Послали закладывать лошадей, чтобы везти аистенка к ветеринару.

Папа, в пиджаке, в высоком крахмальном воротничке, в белой шляпе, в ботфор­тах, стоял, расставив ноги, над аистенком, а он все ниже и ниже клонил туловище, распластывался на земле.

В полном смятении я убежал в парк и оттуда, издали, услышал папин голос и понял, что он велит распрягать лошадей. Черный, разлапистый, уходящий в корне­вище ствол старой липы, черная сырая земля, поросшая жидким бурьяном; все это место стало для меня проклятым символом грязного преступления.

Я похоронил аистенка на откосе верхней террасы парка.

Папа, как всегда, пошел гулять и на этот раз прихватил и меня. Я с собаками плелся у него в хвосте, даже удалым адампольским псам передалось мое самочувст­вие, они не шастали, как всегда, по сторонам, держались поближе ко мне.

В лесу, сидя на пеньке, папа сказал:

«Я тоже в твои годы хоронил зверюшек. Паскудно, но ничего не поделаешь. А аисты, конечно, сволочи. Но подобное и у людей бывает, да еще куда погаже».

Я помню, как его передернуло и как, затаптывая окурок, он добавил:

«Пакости всяческой в жизни вполне достаточно, рекомендую на дальнейшее собственные бока от нее поберечь».

Всякая жизнь, понятно, проходит на фоне смерти, любое жизненное явление таит в себе свою противоположность. Все это можно знать и не видеть этого, это можно видеть, но отворачиваться от этого.
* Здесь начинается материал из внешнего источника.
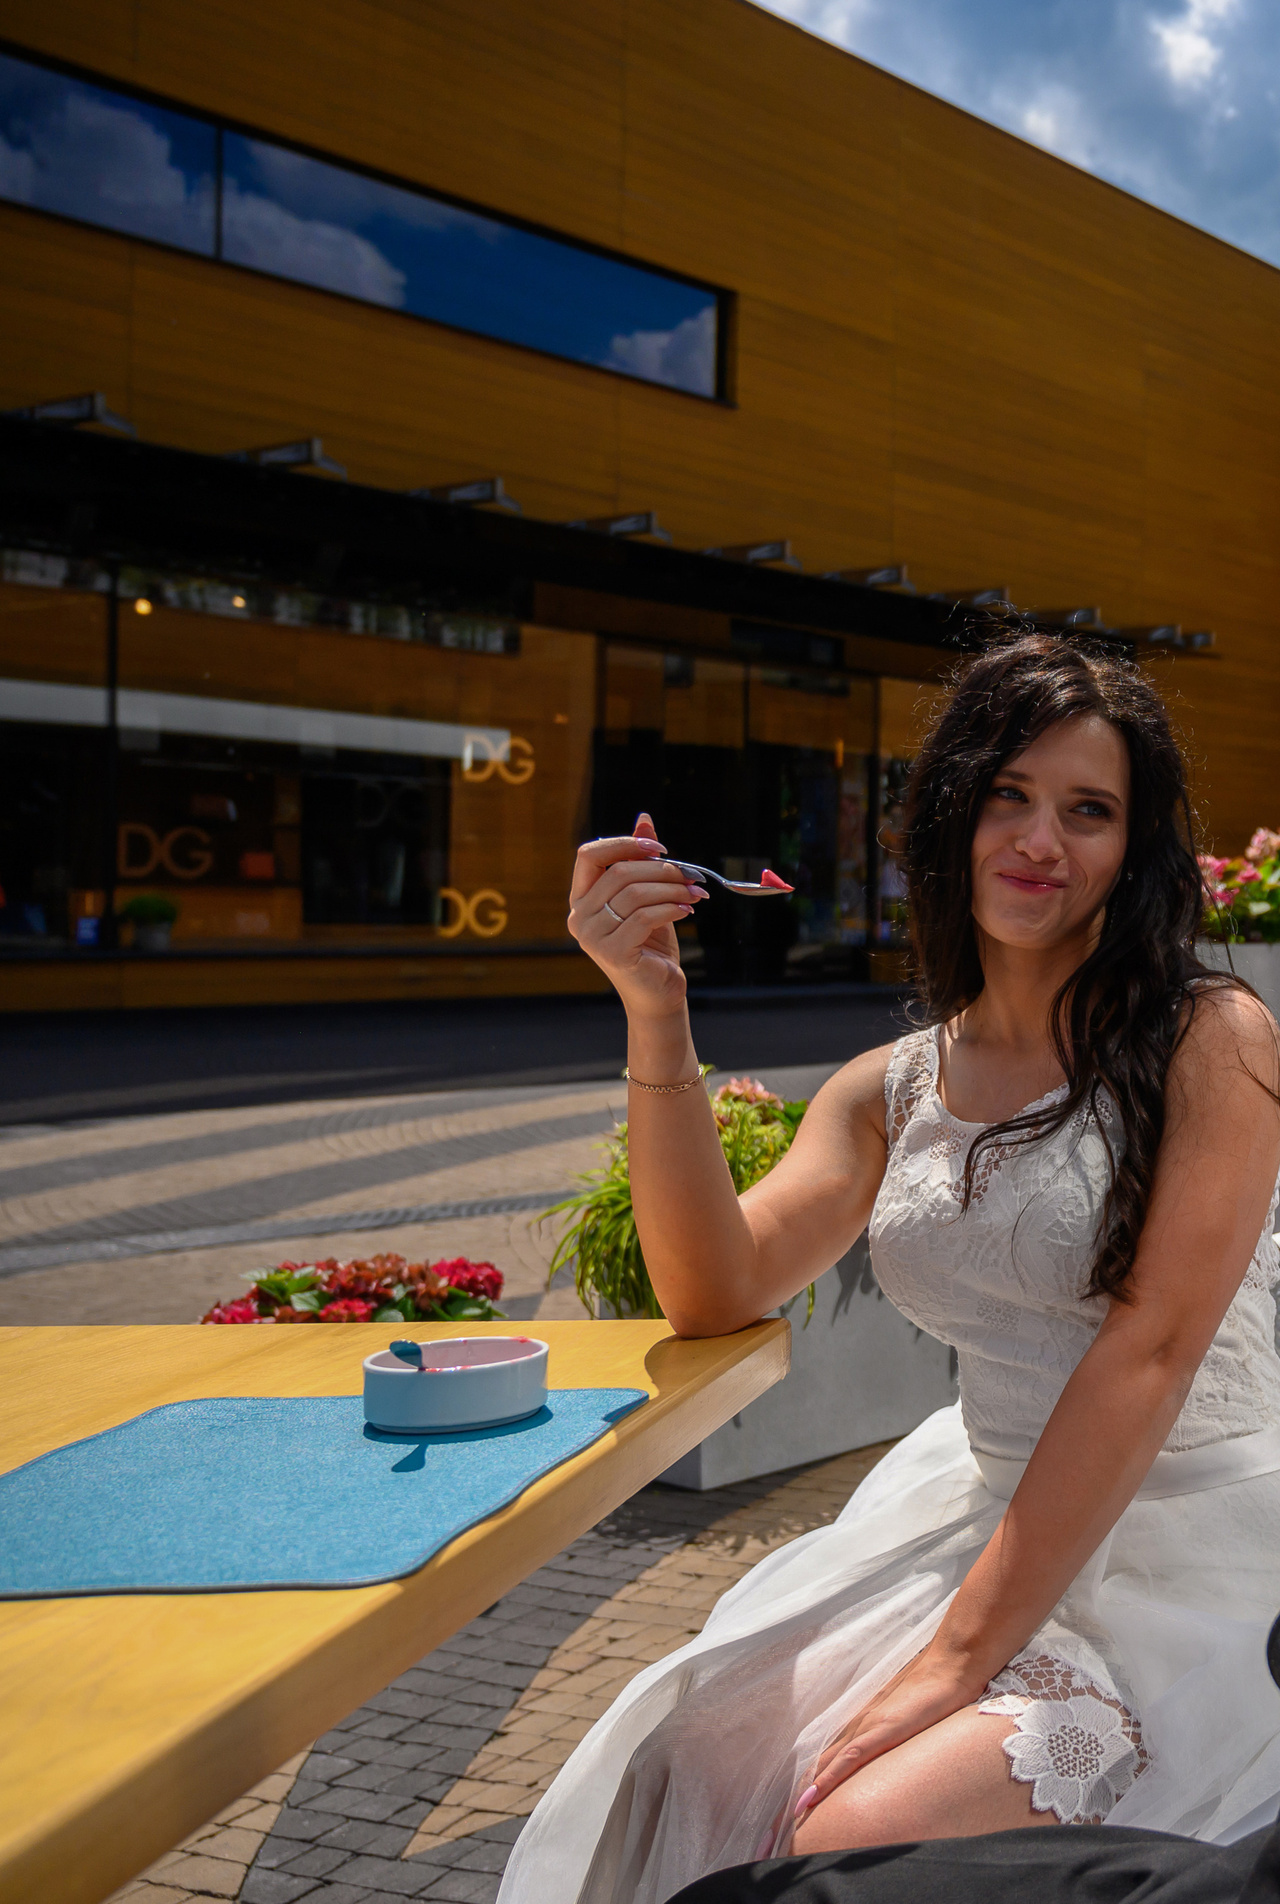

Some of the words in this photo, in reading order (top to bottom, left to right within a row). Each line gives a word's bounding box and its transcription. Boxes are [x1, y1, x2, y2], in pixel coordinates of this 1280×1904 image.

[463, 734, 535, 784] DG
[117, 822, 214, 880] DG
[437, 888, 508, 938] DG
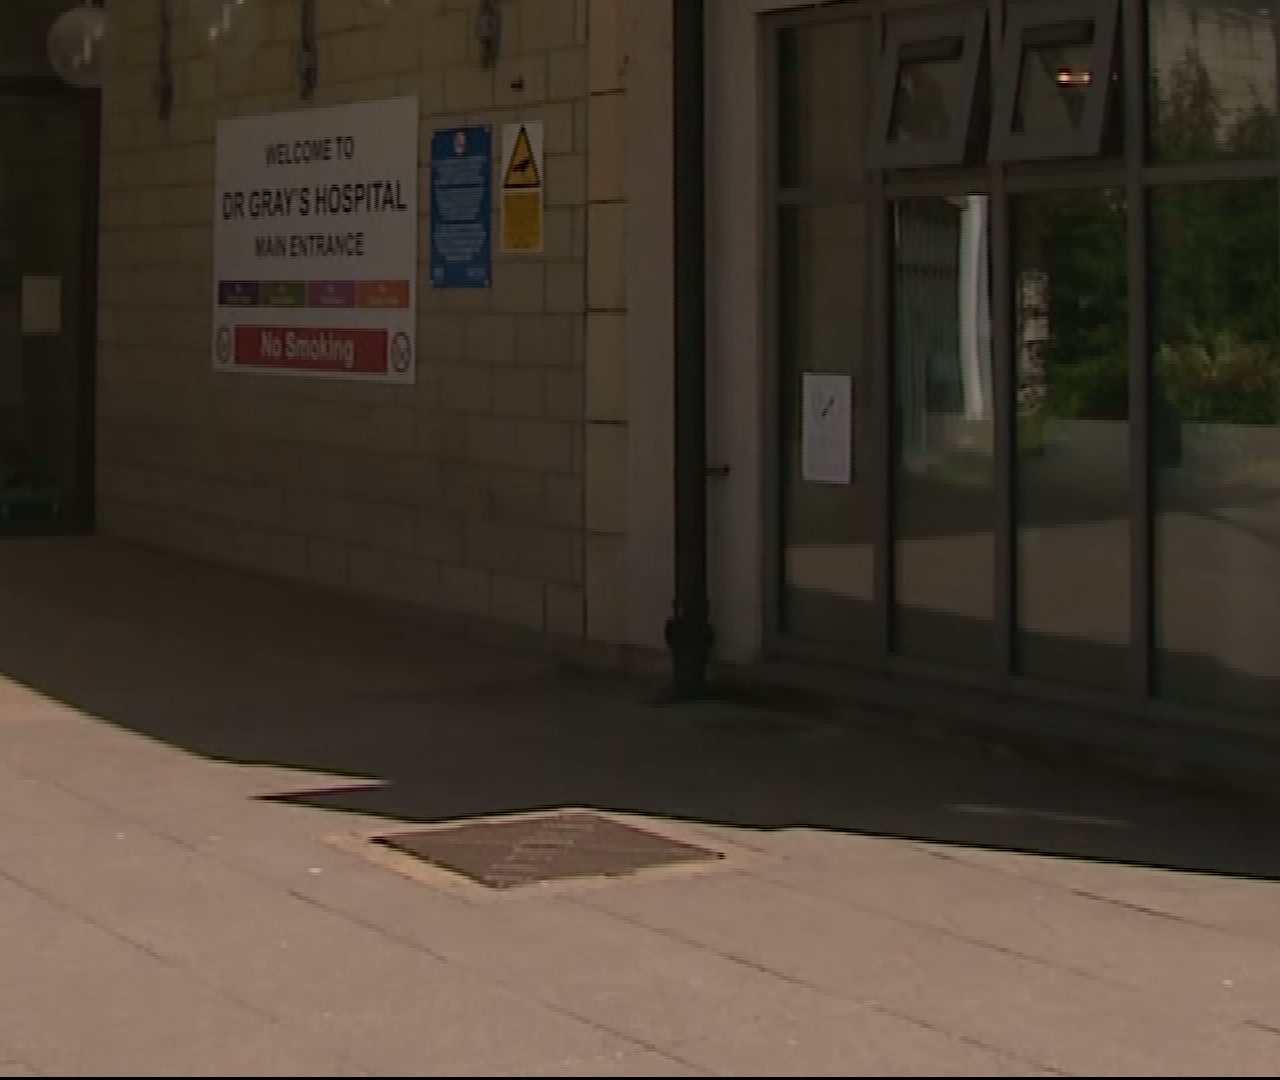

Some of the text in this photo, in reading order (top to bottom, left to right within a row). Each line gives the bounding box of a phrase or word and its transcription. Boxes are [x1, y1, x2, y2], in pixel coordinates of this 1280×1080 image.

[265, 135, 355, 167] WELCOME TO
[222, 180, 408, 220] DR GRAY'S HOSPITAL
[255, 232, 365, 258] MAIN ENTRANCE
[260, 331, 355, 369] No Smoking
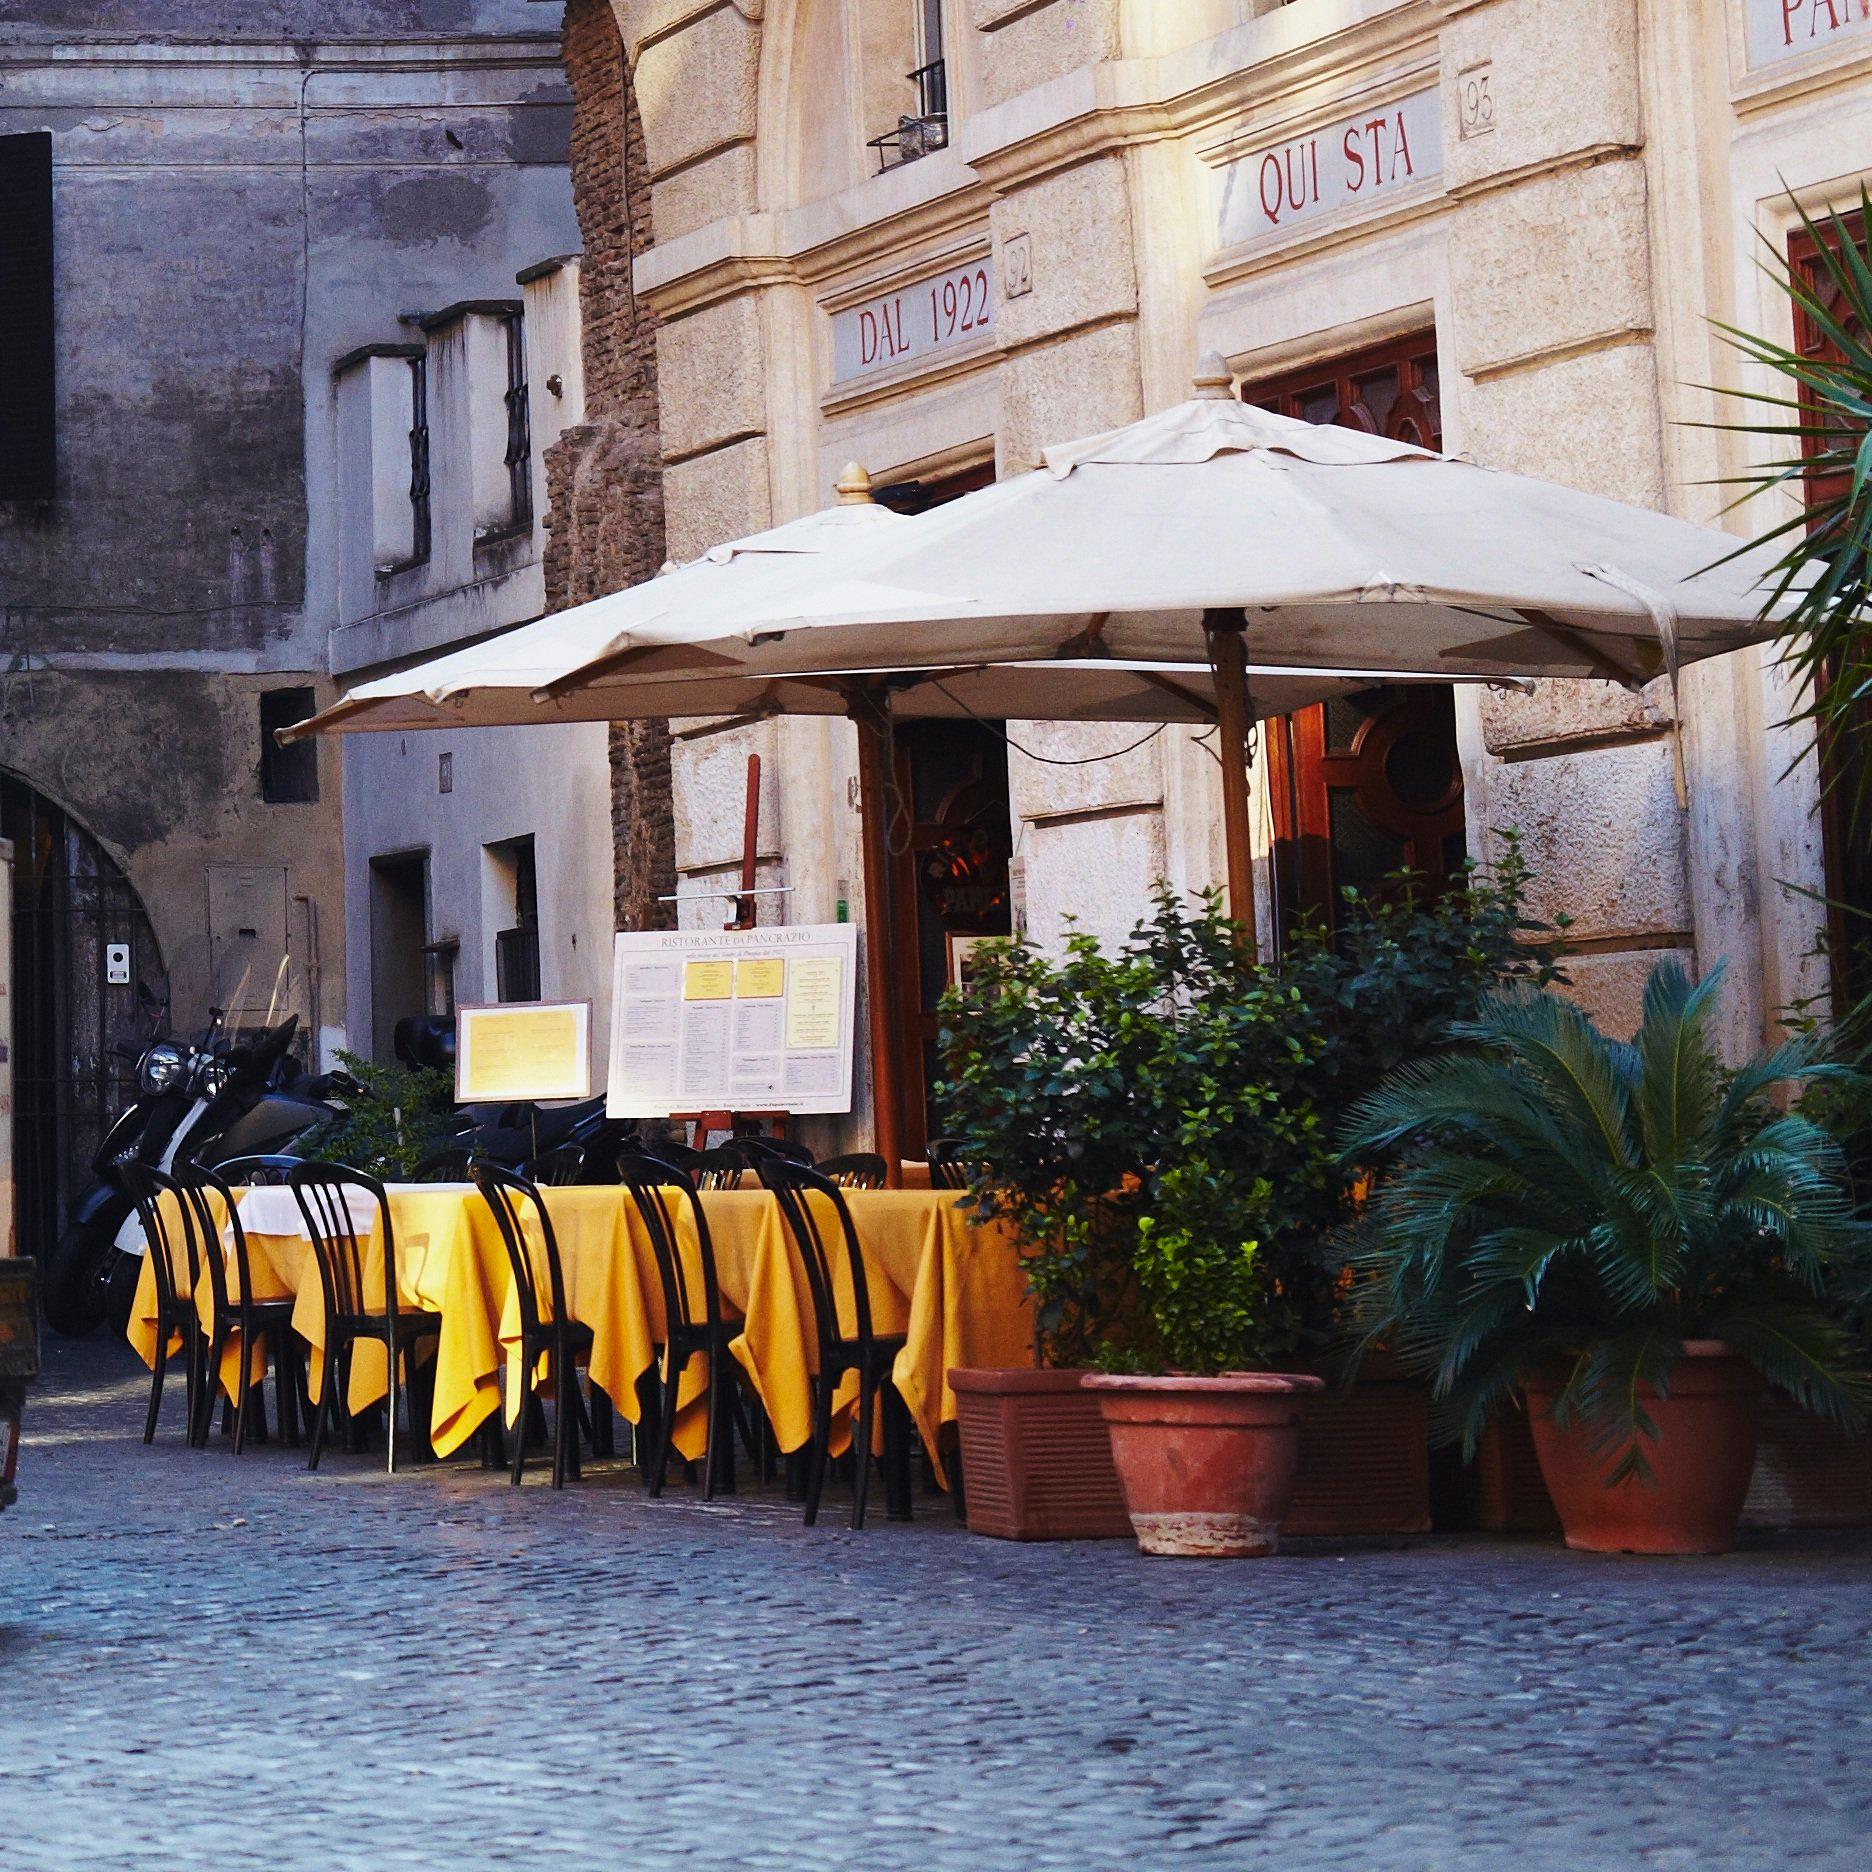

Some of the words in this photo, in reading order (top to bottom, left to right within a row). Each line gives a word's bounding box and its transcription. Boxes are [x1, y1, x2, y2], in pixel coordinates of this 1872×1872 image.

[1466, 76, 1493, 126] 93
[1260, 140, 1320, 224] QUI
[1343, 111, 1413, 192] STA
[860, 297, 910, 366] DAL
[931, 268, 990, 343] 1922
[661, 935, 732, 948] RISTORANTE
[746, 932, 812, 944] PANCRAZIO
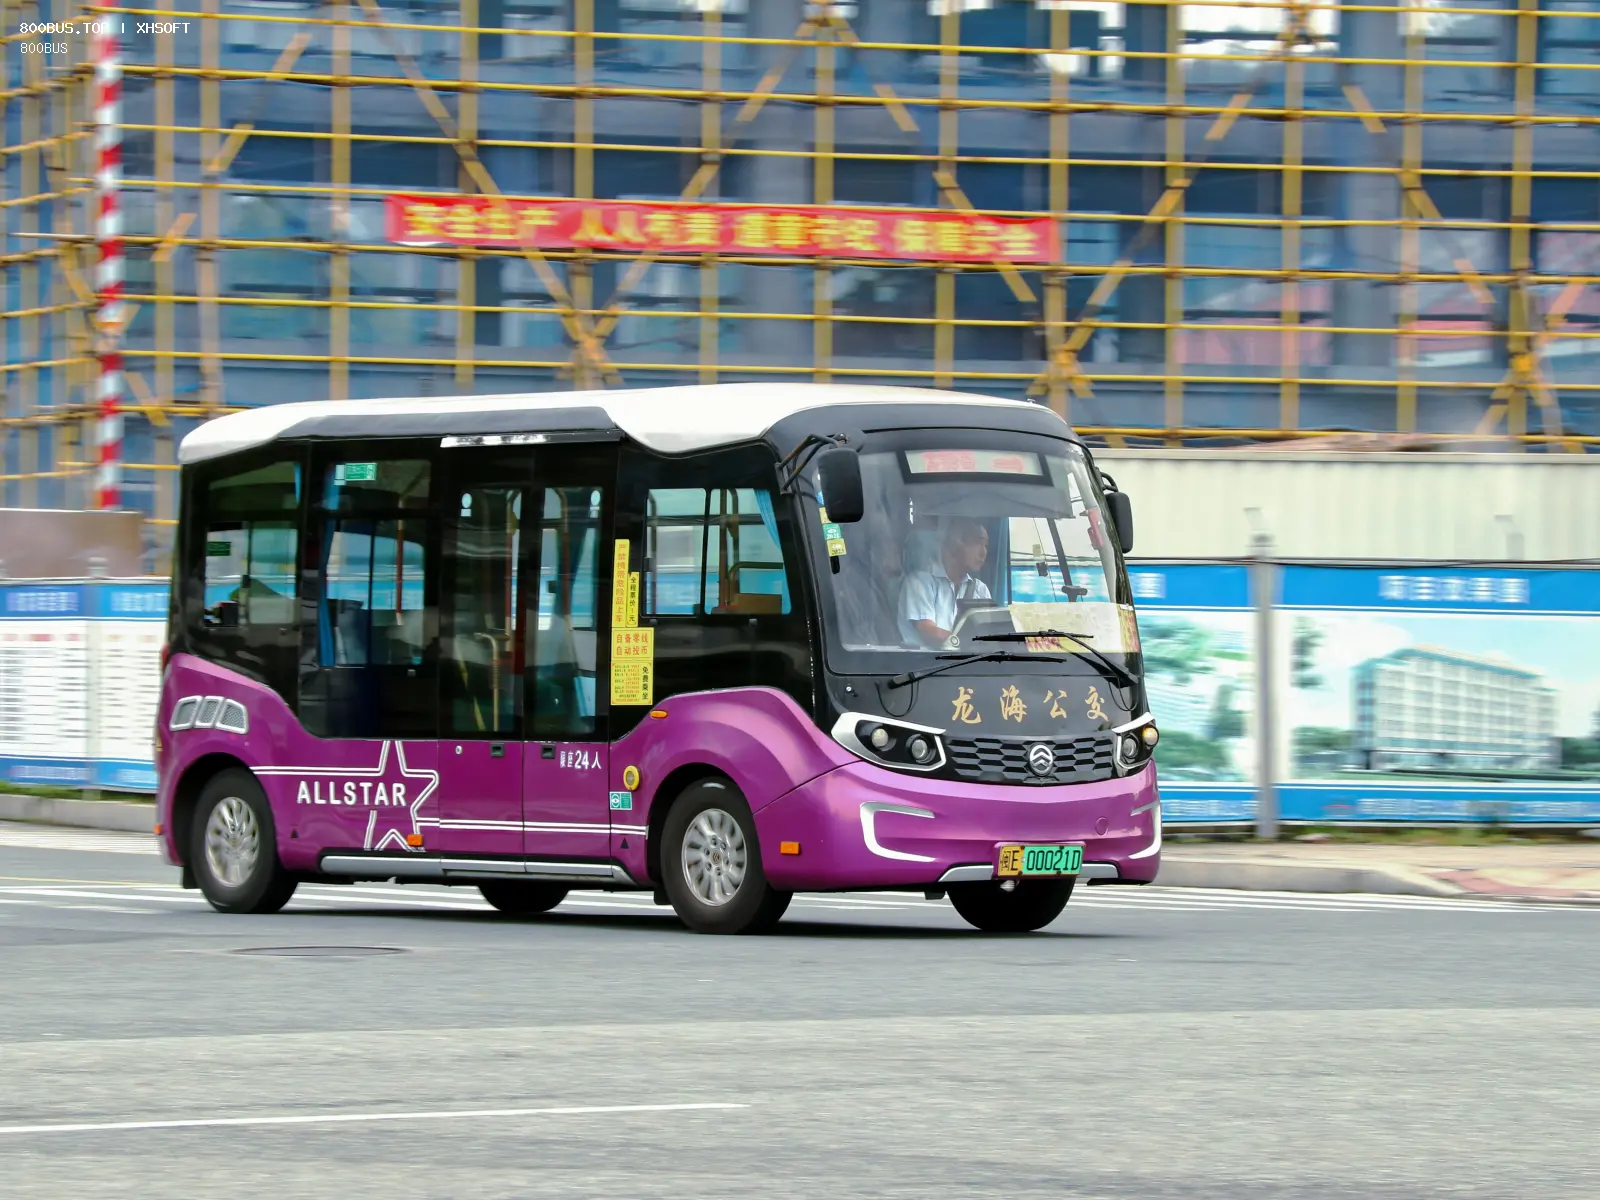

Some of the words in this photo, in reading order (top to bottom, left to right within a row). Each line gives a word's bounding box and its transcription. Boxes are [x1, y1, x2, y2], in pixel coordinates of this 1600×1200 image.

По складу своего характера папа не умел ни от чего отворачиваться. Его жизнь буквально протекала на фоне мыслей о смерти, причем фон этот был очень активным, а временами мучительным. Все это сочеталось с его огромным жизнелюбием, с умением радоваться самым ничтожным дарам жизни. Он как никто другой умел доставлять радость другим и радоваться их радостью.